Dante names his greatest Brazilian players
The defender has represented Brazil
He currently plays for French club Nice
Brazil, the birthplace of the Samba stars and “O Jogo Bonito,” has produced some of the finest footballers to ever walk the earth.
The national team boasts a record five World Cup wins and has already qualified for Russia 2018, while stars such as Ronaldo, Ronaldinho and Neymar have graced pitches in Europe for decades and inspired fledgling generations of future footballers.
However, for coaches of the Brazil national team, the dilemma has been how best to amalgamate style and substance.
While some have found success playing low-risk, pragmatic football – not least Carlos Alberto Parreira’s World Cup-winning team of 1994 – others have favored open, entertaining football but failed to yield trophies, such as the side of 1982, thought to be the greatest never to win a World Cup.

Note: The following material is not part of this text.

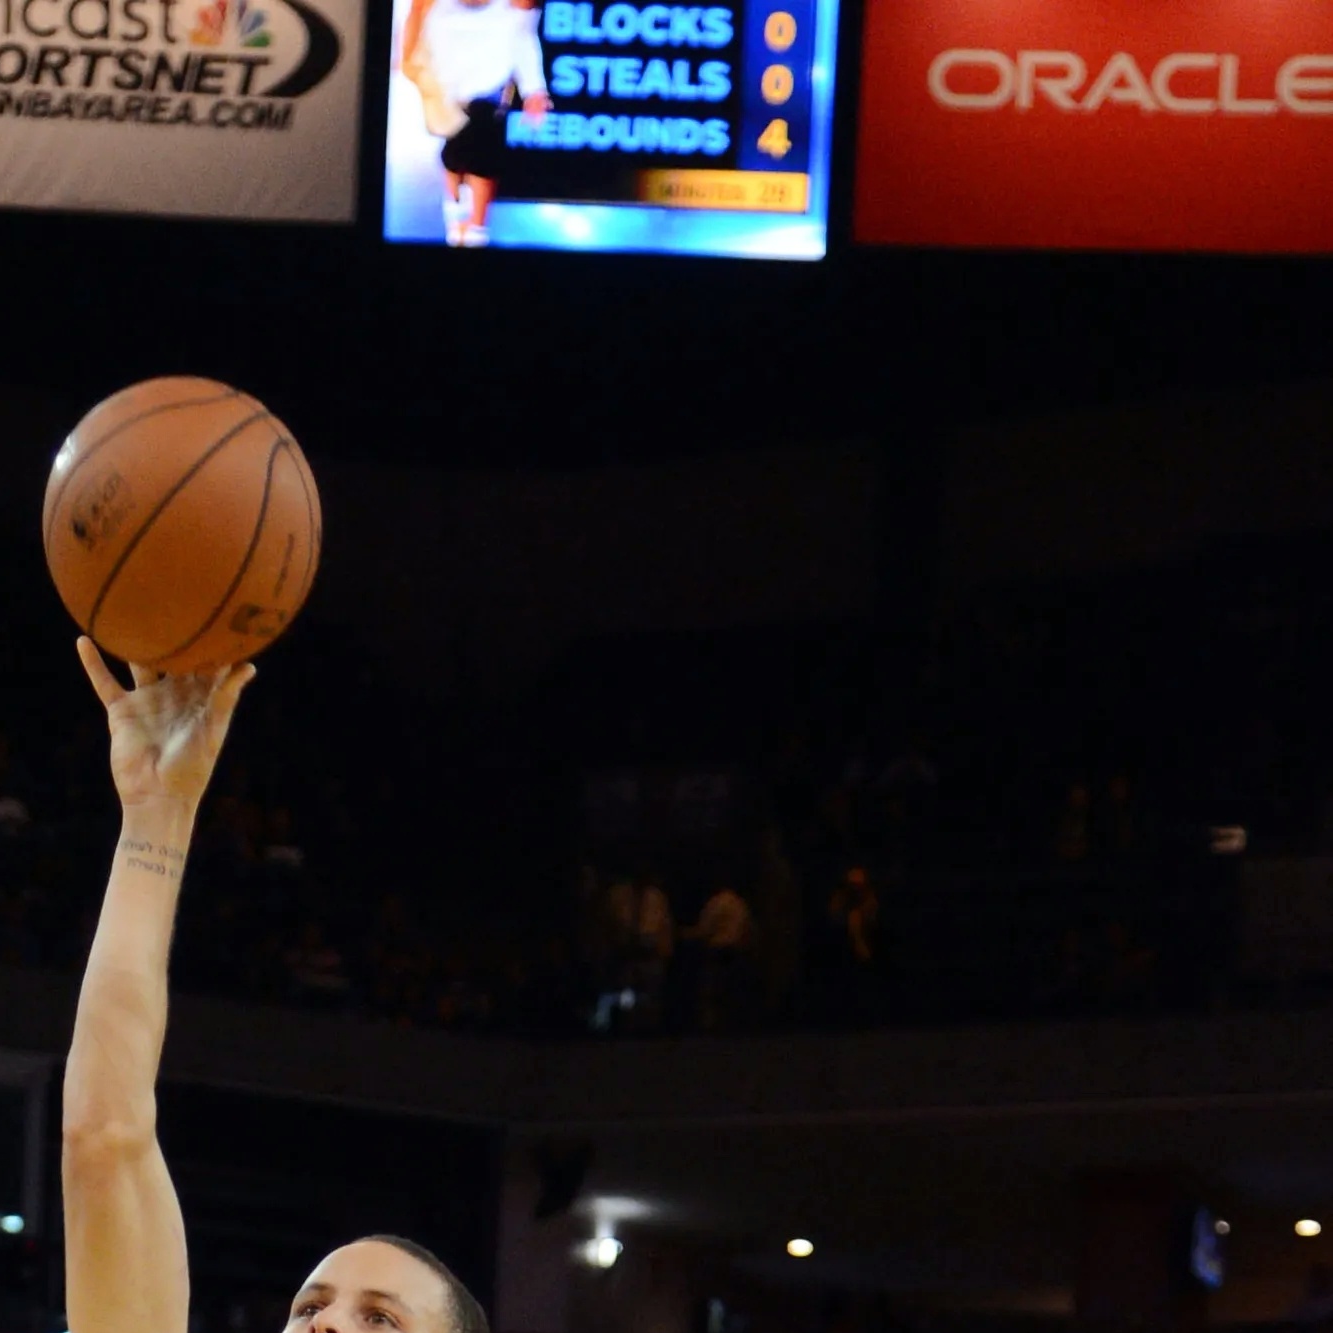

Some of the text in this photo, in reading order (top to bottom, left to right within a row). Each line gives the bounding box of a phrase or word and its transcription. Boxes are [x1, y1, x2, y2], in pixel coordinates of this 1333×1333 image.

[543, 1, 797, 52] BLOCKS 0
[551, 55, 794, 105] STEALS 0
[928, 48, 1333, 114] ORACLE
[757, 118, 793, 159] 4
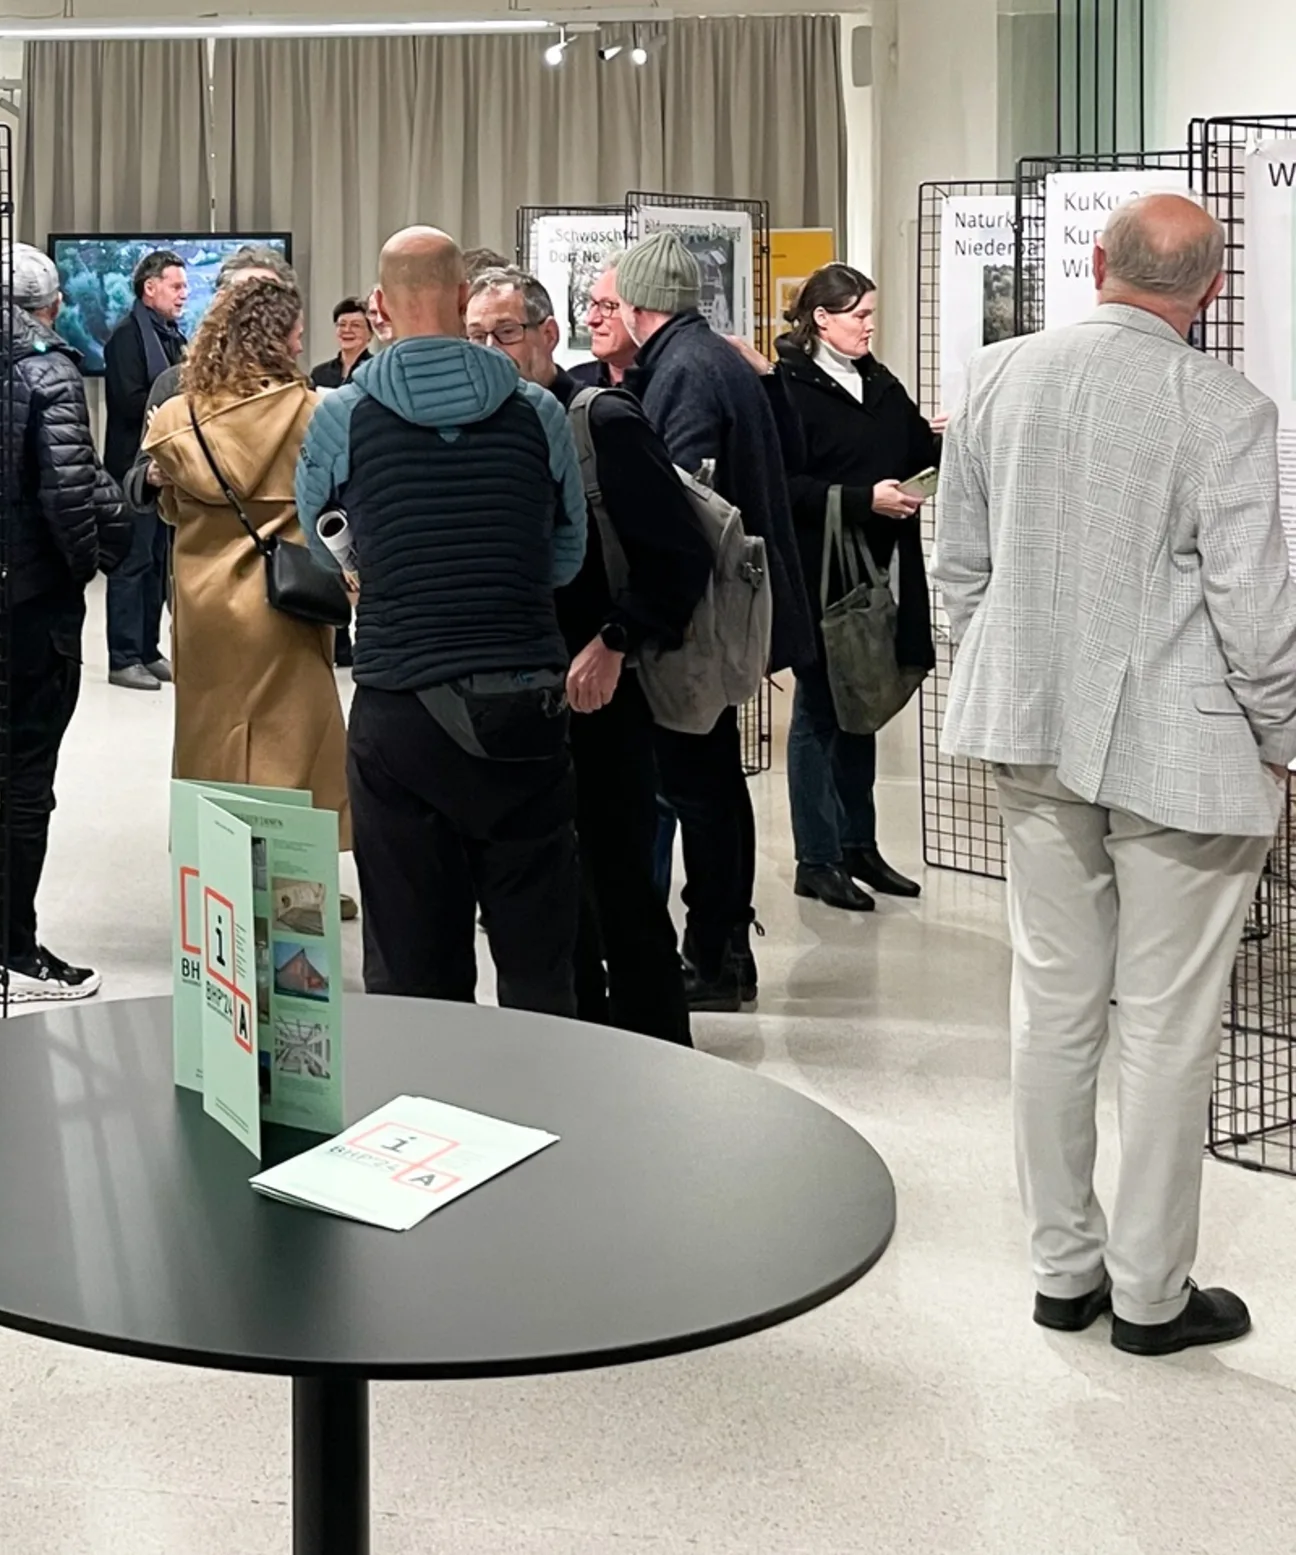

So combining the two – success and beautiful football – is widely regarded as the pinnacle for Brazilian football fans. The all-conquering side of 1970 and flamboyant team of 2002 spring to mind.
“We love the art of football,” former Brazil defender Dante tells CNN. “It’s something magical.
“In Brazil, we enjoy watching a player making a special move. When we see a player doing a different type of juggling, we train hard in the street to mimic it.
“That way, by having fun, we work on our technique, we learn.”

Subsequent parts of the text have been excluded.